12.29.12 @ 5:08PM Tags : , , , , , ,

Exercising micromanagement and fine-tune control over the minutia of scenery is a must in filmmaking for all but the most hardcore run-and-gun-style productions. It’s not very often, however, that you see production-level set design and construction, prop manipulation down to the inch, or cinema lighting used to illuminate deep lived-in landscapes in still photography. Gregory Crewdson does just this, implementing an unheard-of degree of visionary control upon the constituents of his still frames — the image at left, for one, is no incidental happenstance. Filmmaker Ben Shapiro has documented Crewdson’s decade-spanning pursuit of creating true-to-life vignettes by fictitious articulation in Brief Encounters — screenings are limited, but the doc looks to be a must-see. Watch the trailer and some clips from the film below.


The word that popped into my head, which wouldn’t dissipate for some time after viewing, was simply, “Wow.” It may be needless to say, but I’ve been on many a film production without the degree of artistic manipulation Crewdson achieves here. That may be because traditionally, a crew that spends considerable time and energy to set up the perfect shot (nature permitting and all, sunsets are important) can take comfort in the fact their work lives on a lot of pictures — generally, you know, around 24 a second. Followed by other shots, coverage, and a resultant living and moving scene. Here, a living scene is certainly created, but on a scale all its own. The scene is the still, the unmoving master — and everything the viewer needs to know, see, and feel has been crafted and instilled into it.

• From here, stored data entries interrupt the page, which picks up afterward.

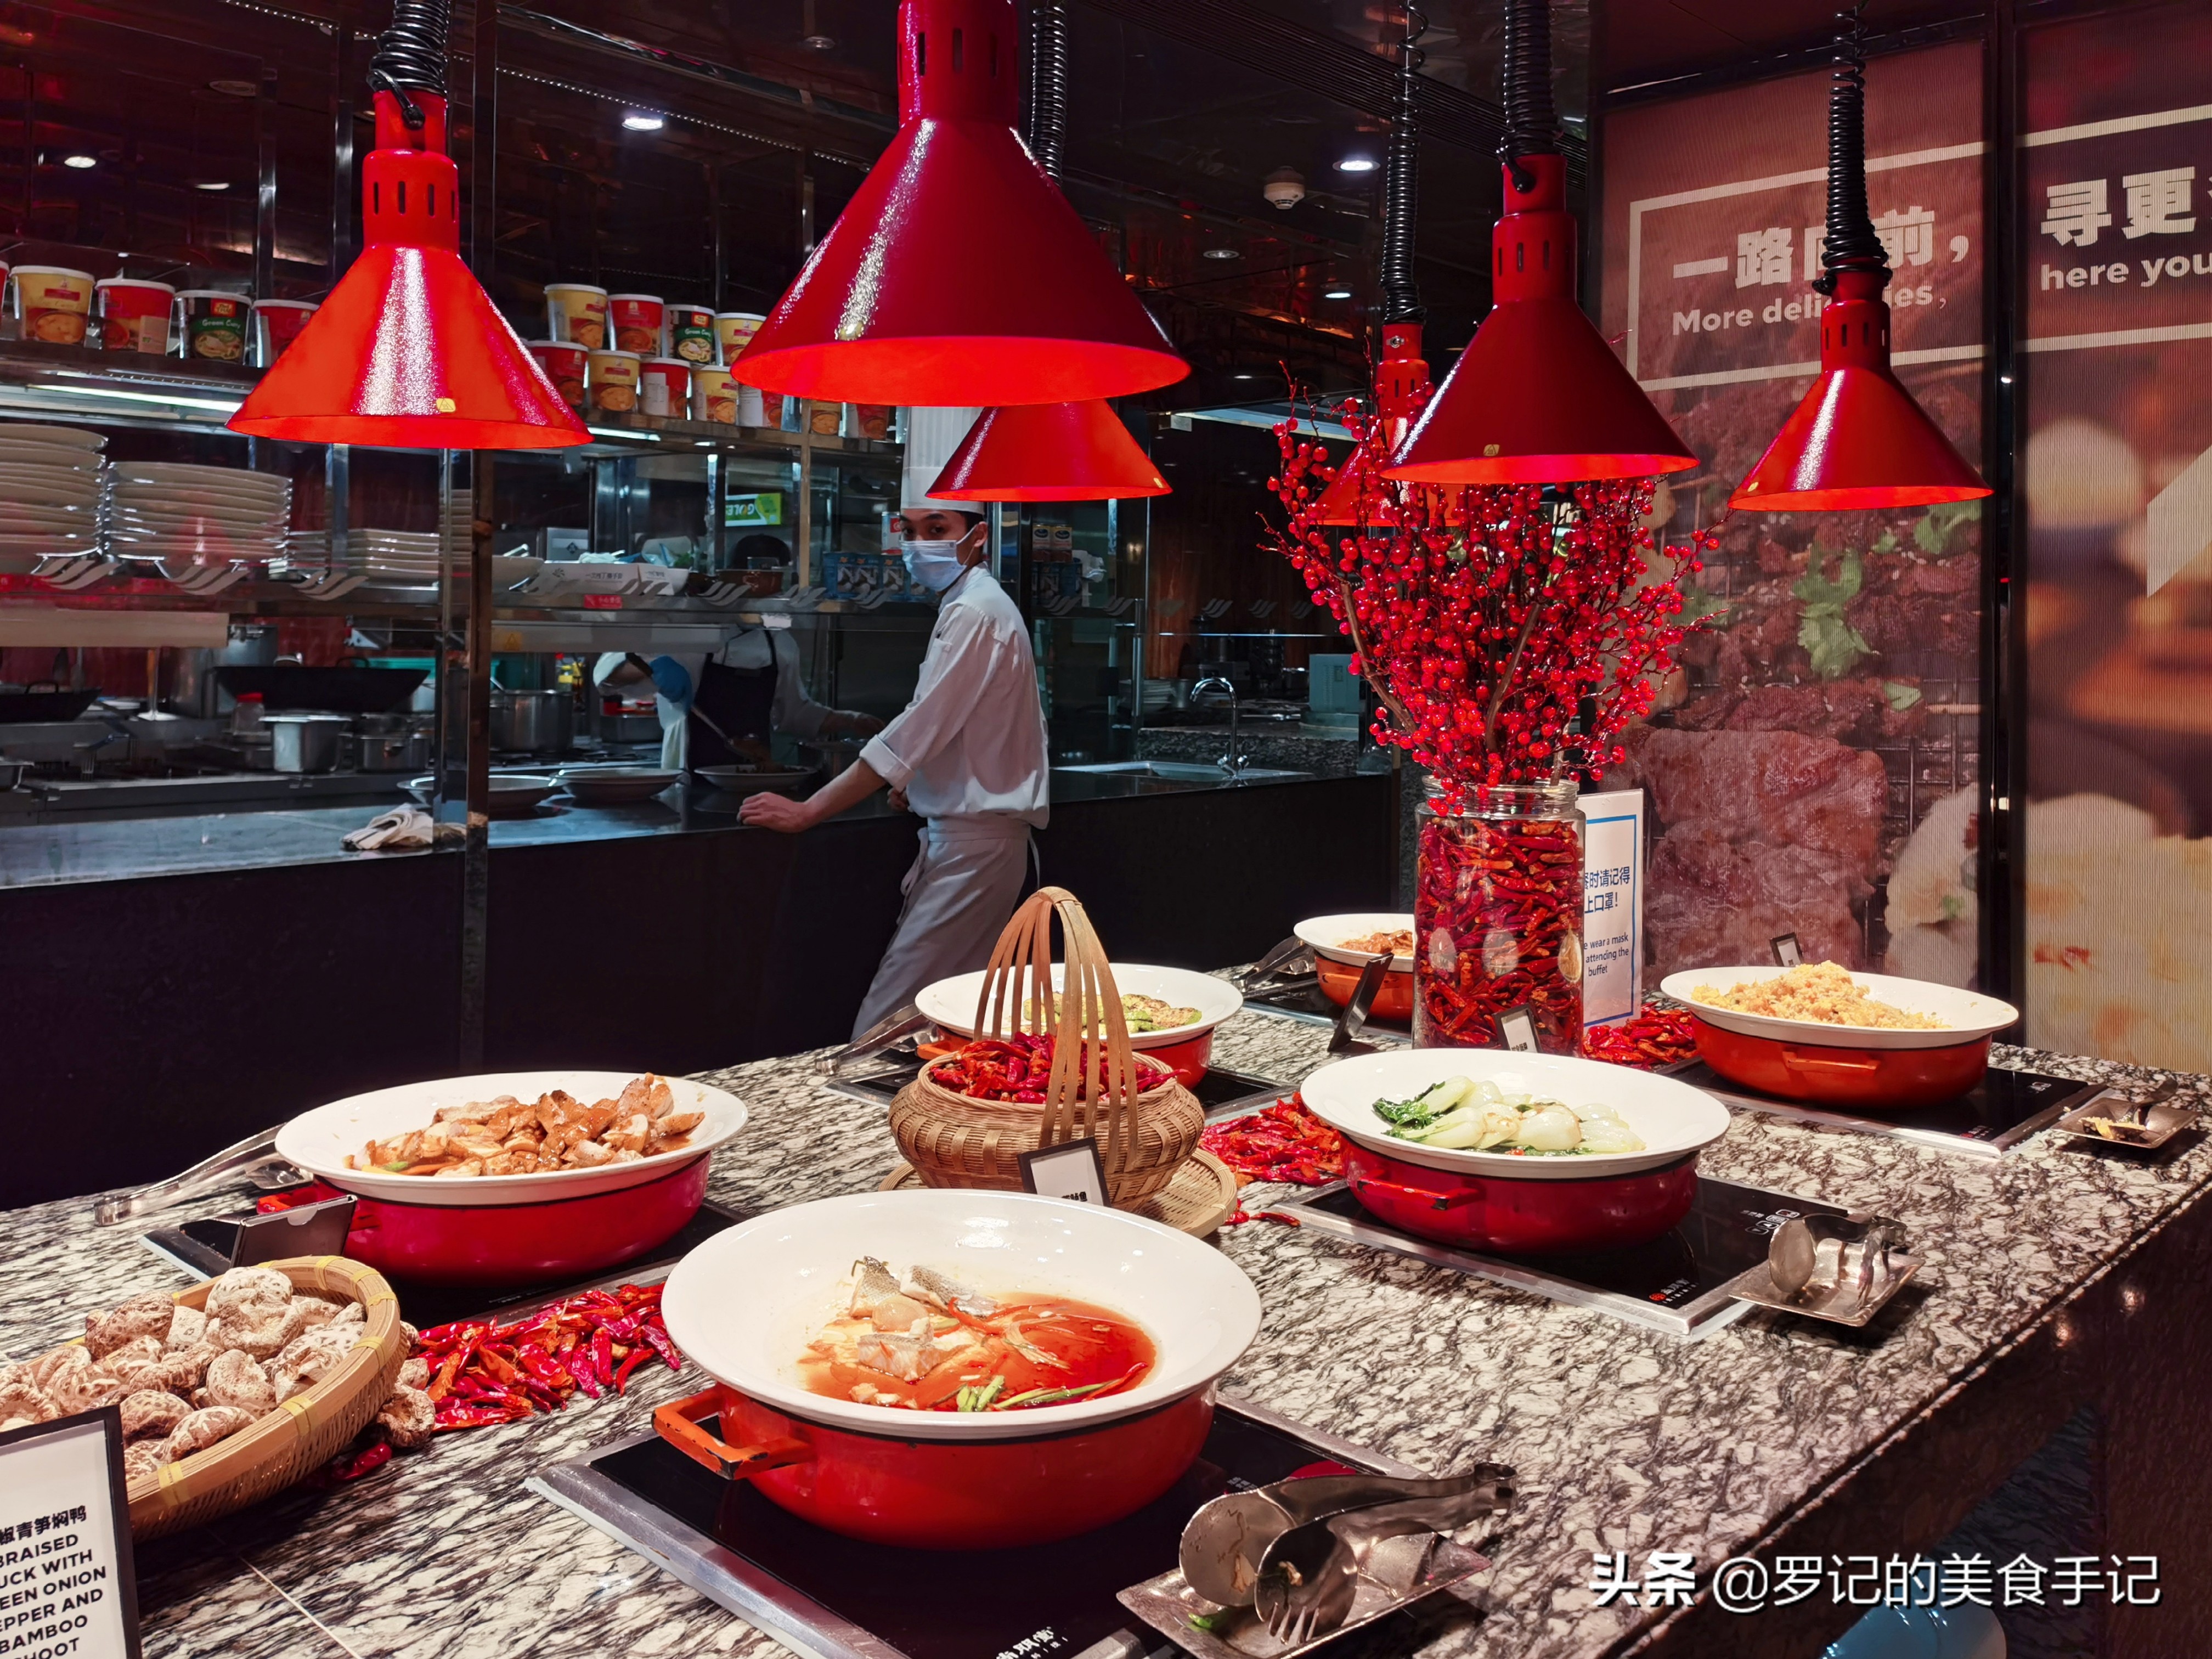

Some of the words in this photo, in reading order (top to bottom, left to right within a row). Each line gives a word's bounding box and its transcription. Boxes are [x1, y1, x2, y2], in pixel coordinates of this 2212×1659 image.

[2041, 166, 2212, 247] 寻更
[2041, 262, 2129, 291] here
[1673, 308, 1754, 336] More
[1589, 938, 1606, 949] wear
[1606, 937, 1610, 945] a
[1611, 932, 1629, 945] mask
[1585, 950, 1617, 963] attending
[1618, 946, 1629, 957] the
[1588, 964, 1608, 977] buffet
[41, 1549, 93, 1575] WITH
[0, 1587, 38, 1610] EEN
[43, 1566, 106, 1595] ONION
[61, 1588, 103, 1613] AND
[0, 1615, 87, 1655] BAMBOO
[14, 1637, 80, 1659] OOT

It’s worth reiterating — this amount of design and preparation is for a single, perfect still image:

I’ll include a final clip — this one details the genesis of Crewdson’s part-staged part-natural stylings, and how crisis can birth (and maybe even be alleviated by) a singular creative vision:

If this incredible creative process and accomplishment interests you, be sure to check out Gregory Crewdson: Brief Encounters‘s website, where you can find one of the limited screenings near you, as well as reserve yourself a seat.

Links:

[via The Verge]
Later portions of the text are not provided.